My biggest supporter are my family, my mom, and my sisters, and my husband. And I think that the ways that they have showed me support is that they are showing me that I am not different. I just have something that might be a little different to some people, but not everyone, and that they have showed me that I’m going to be all right.
Biggest support system has been, [PII redacted] neurologist has been fabulous. He’s always been really supportive. I have my own mental health therapy. That’s been really helpful for me to work through trusting myself and being okay with where this likely will inevitably end. And [PII redacted] team has been really helpful. His teacher, she has been very accommodating. She’ll track seizures for me and she will do the odd things that I asked her to do with him, all of his OT speech therapy. And then another huge resource for me has been my family. Dad left and definitely is not very involved. He hasn’t been involved for all of it, really. But my mom specifically has been a huge help. We have been fortunate enough to get funding through the state, and so I’m able to hire her to help with extra after-school education for my son. And then I have a brother who’s also… He’s been able to step in and take over a lot of the parenting for me as I’m trying to finish my grad program so that I can survive without their dad. And again, that goes back to what I talked about before, our society is so based on being individualistic and that’s just not a reality for my family. I need a village, I need a whole freaking township, like a whole country to help me, because I can’t do this alone. And it’s been amazing to have my, specifically, my mom and my brother have really pulled through and helped me this last couple of years, as I’ve tried to get more independence so that I can provide for my kiddos.

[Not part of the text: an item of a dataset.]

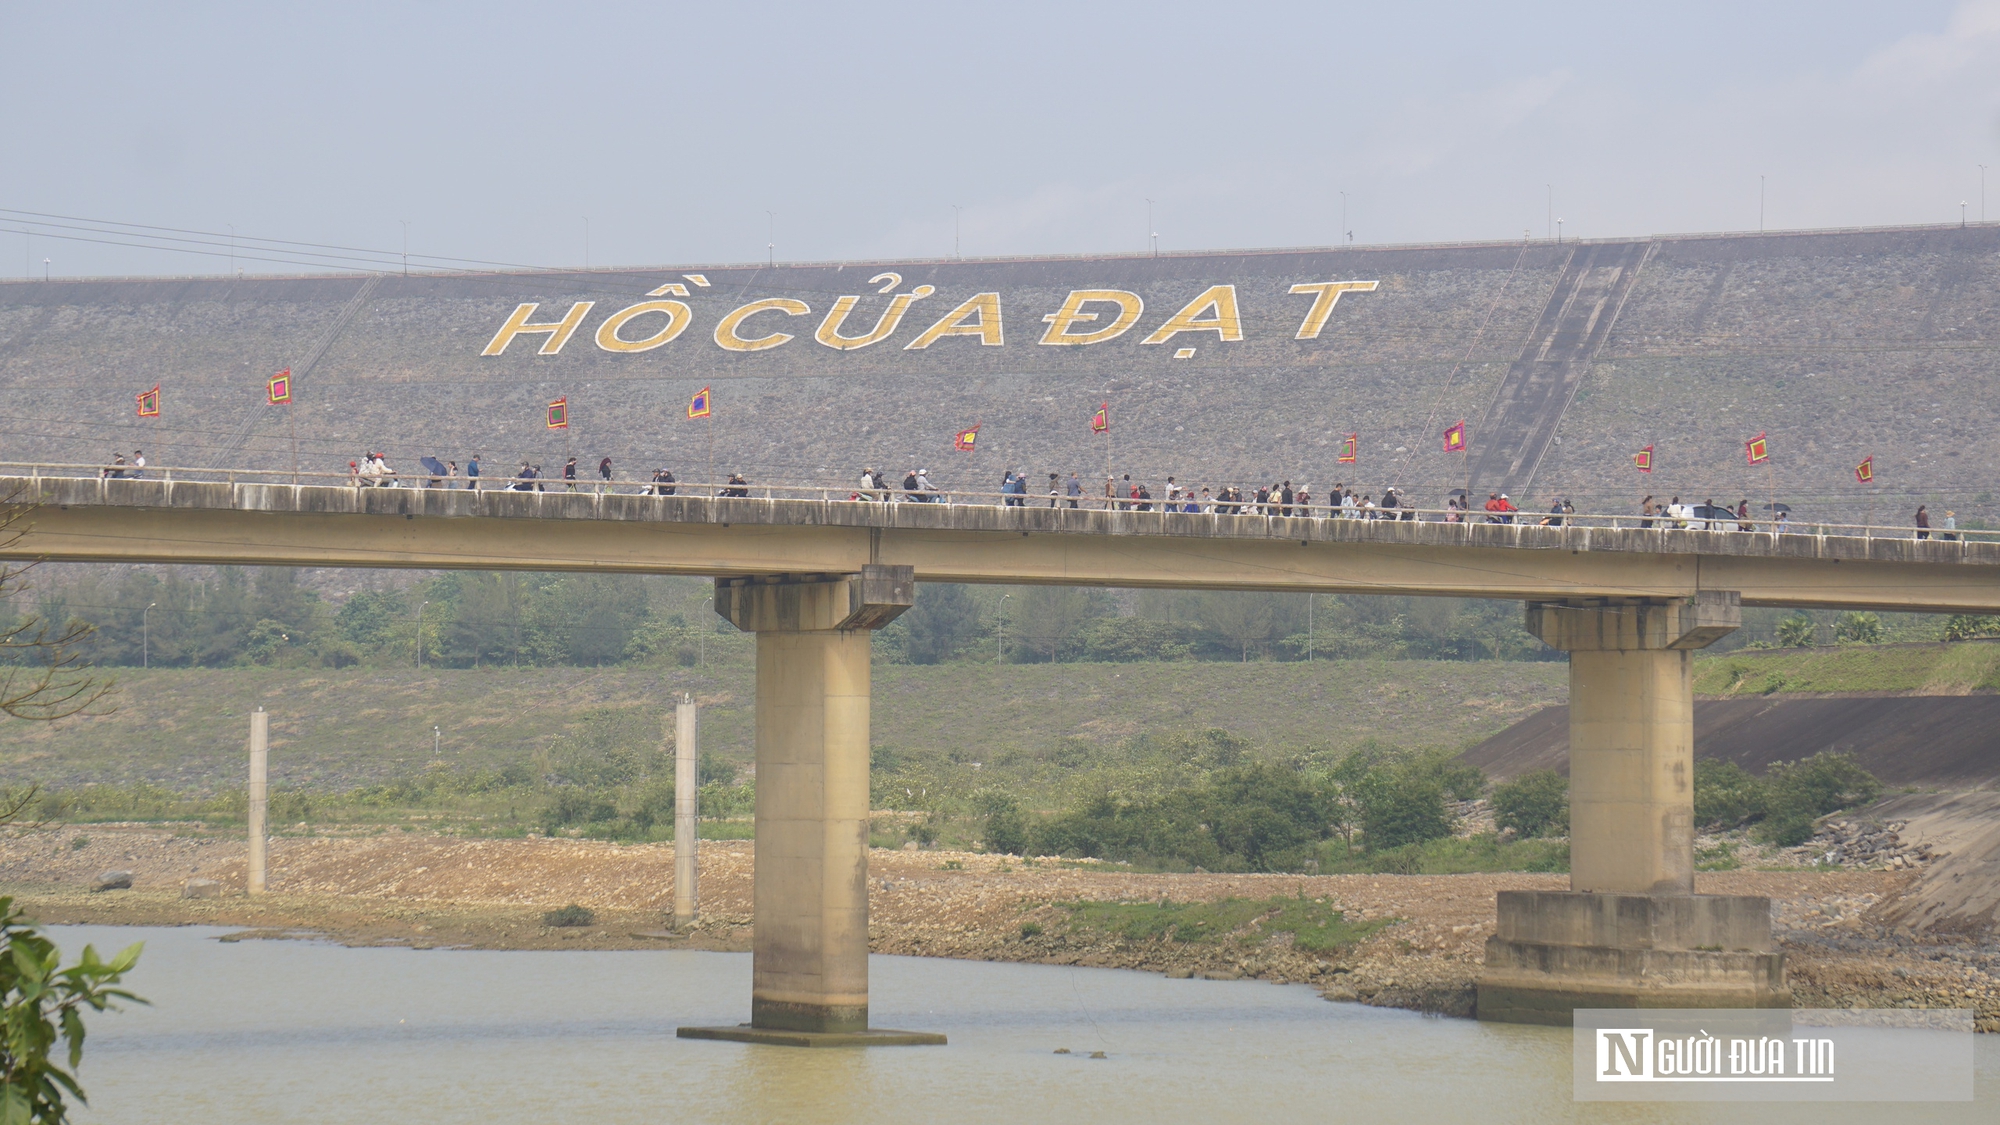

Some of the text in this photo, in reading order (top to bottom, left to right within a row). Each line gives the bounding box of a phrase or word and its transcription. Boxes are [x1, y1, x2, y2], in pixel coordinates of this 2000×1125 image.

[480, 272, 1380, 359] HỒ CỬA ĐẠT
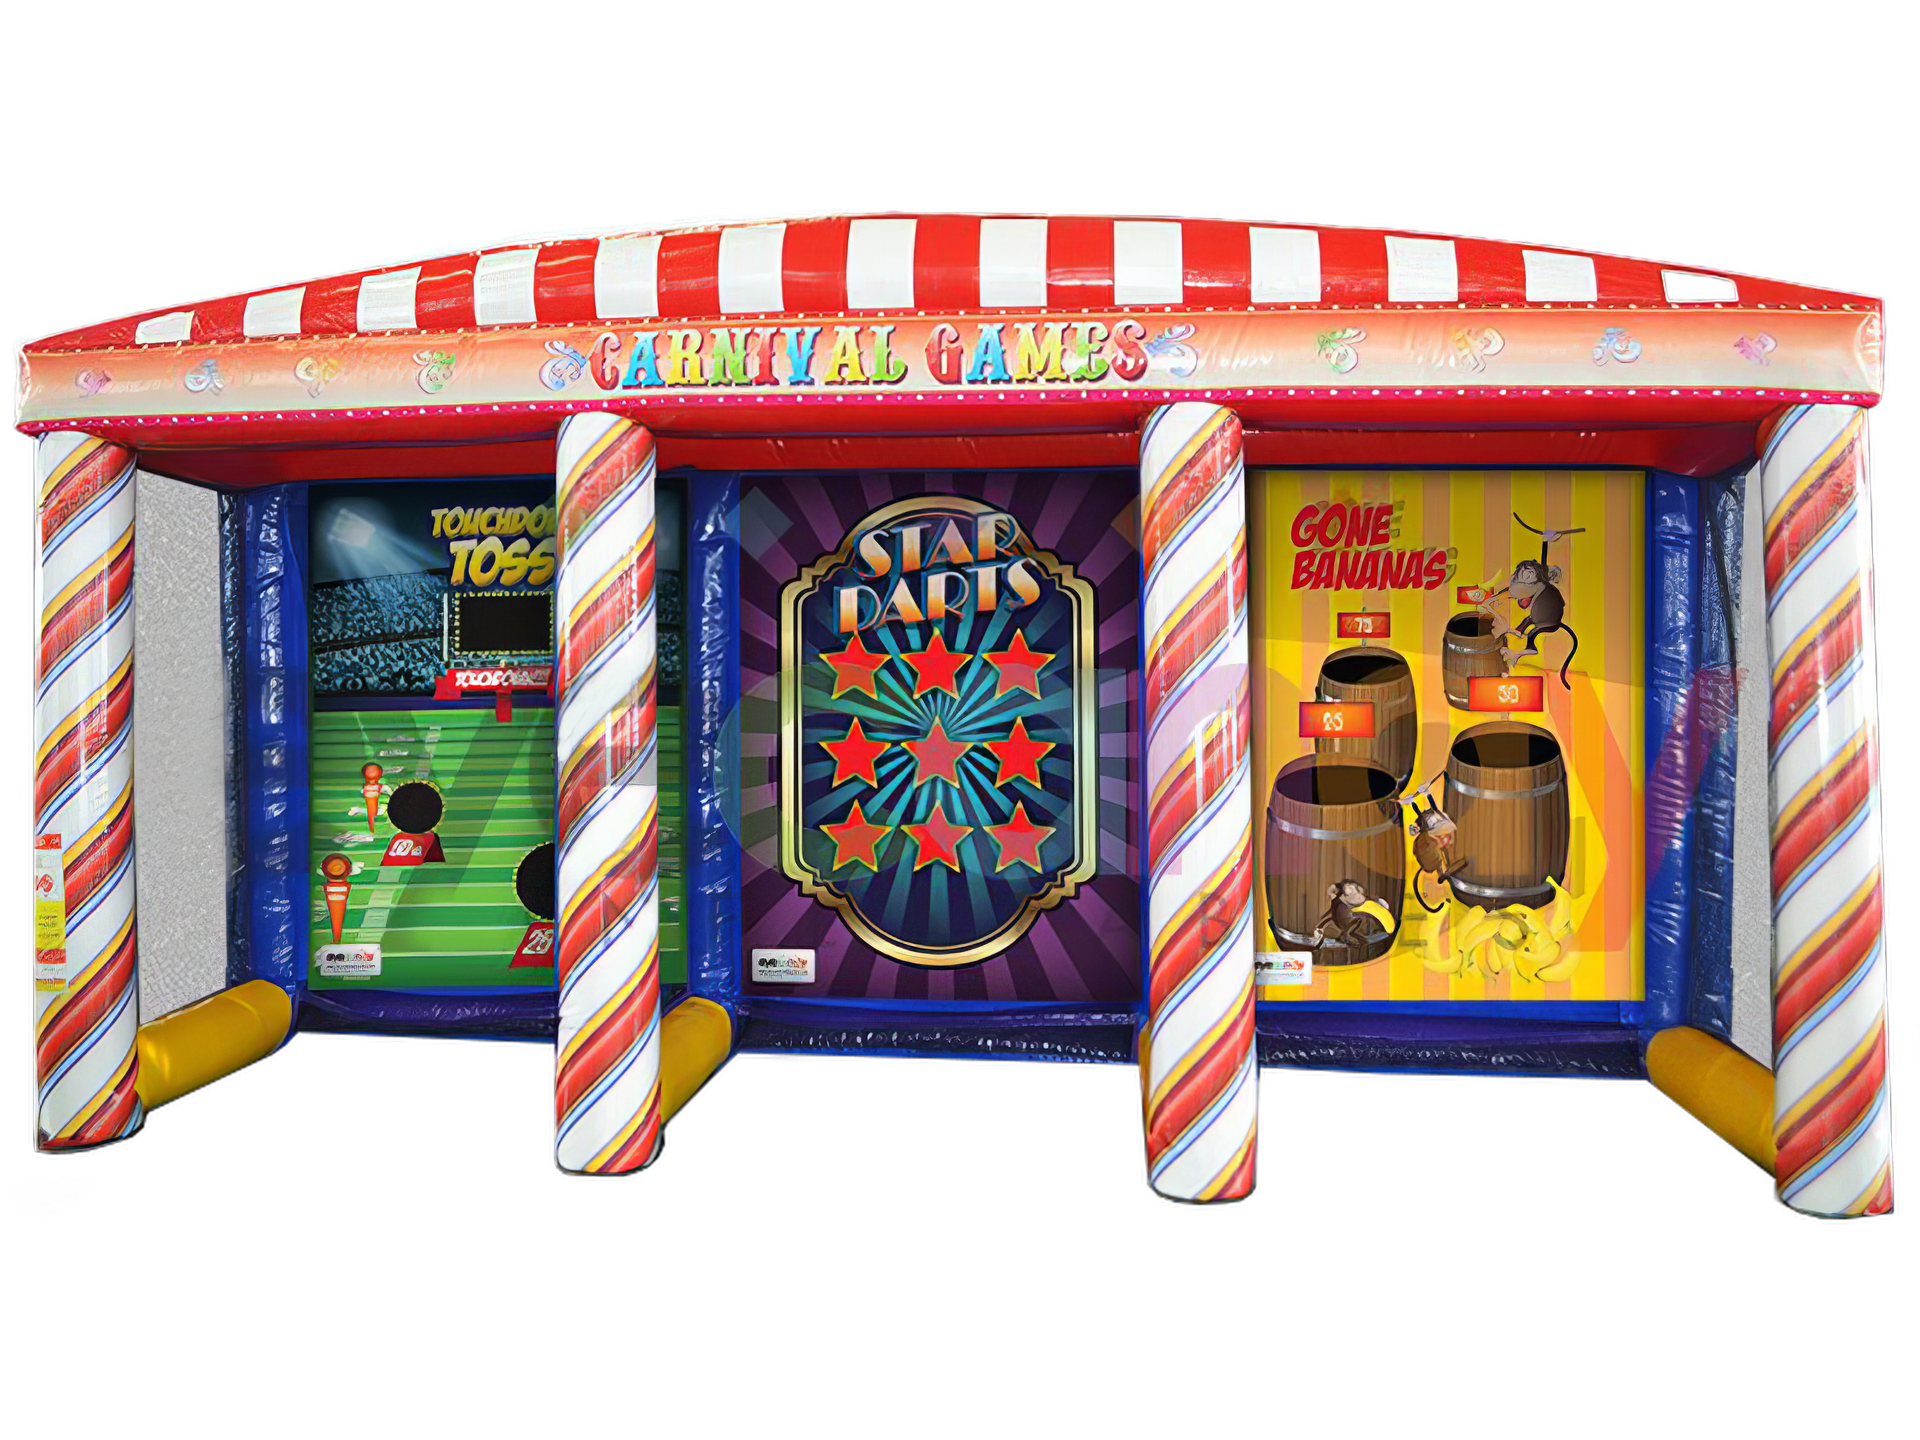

The biggest supporters we had was the doctors that we’ve worked with. They’ve always been able to answer our questions and have encouraged us, helped us find alternate treatments, even things outside of the seizures themselves, just other things that would benefit [PII redacted], including physical therapists, occupational therapists, language therapists, even mental health therapists. I’ve been grateful for the doctors that we’ve had, the neurologists that have been willing to look at [PII redacted] as a whole person and to help us as his caregivers.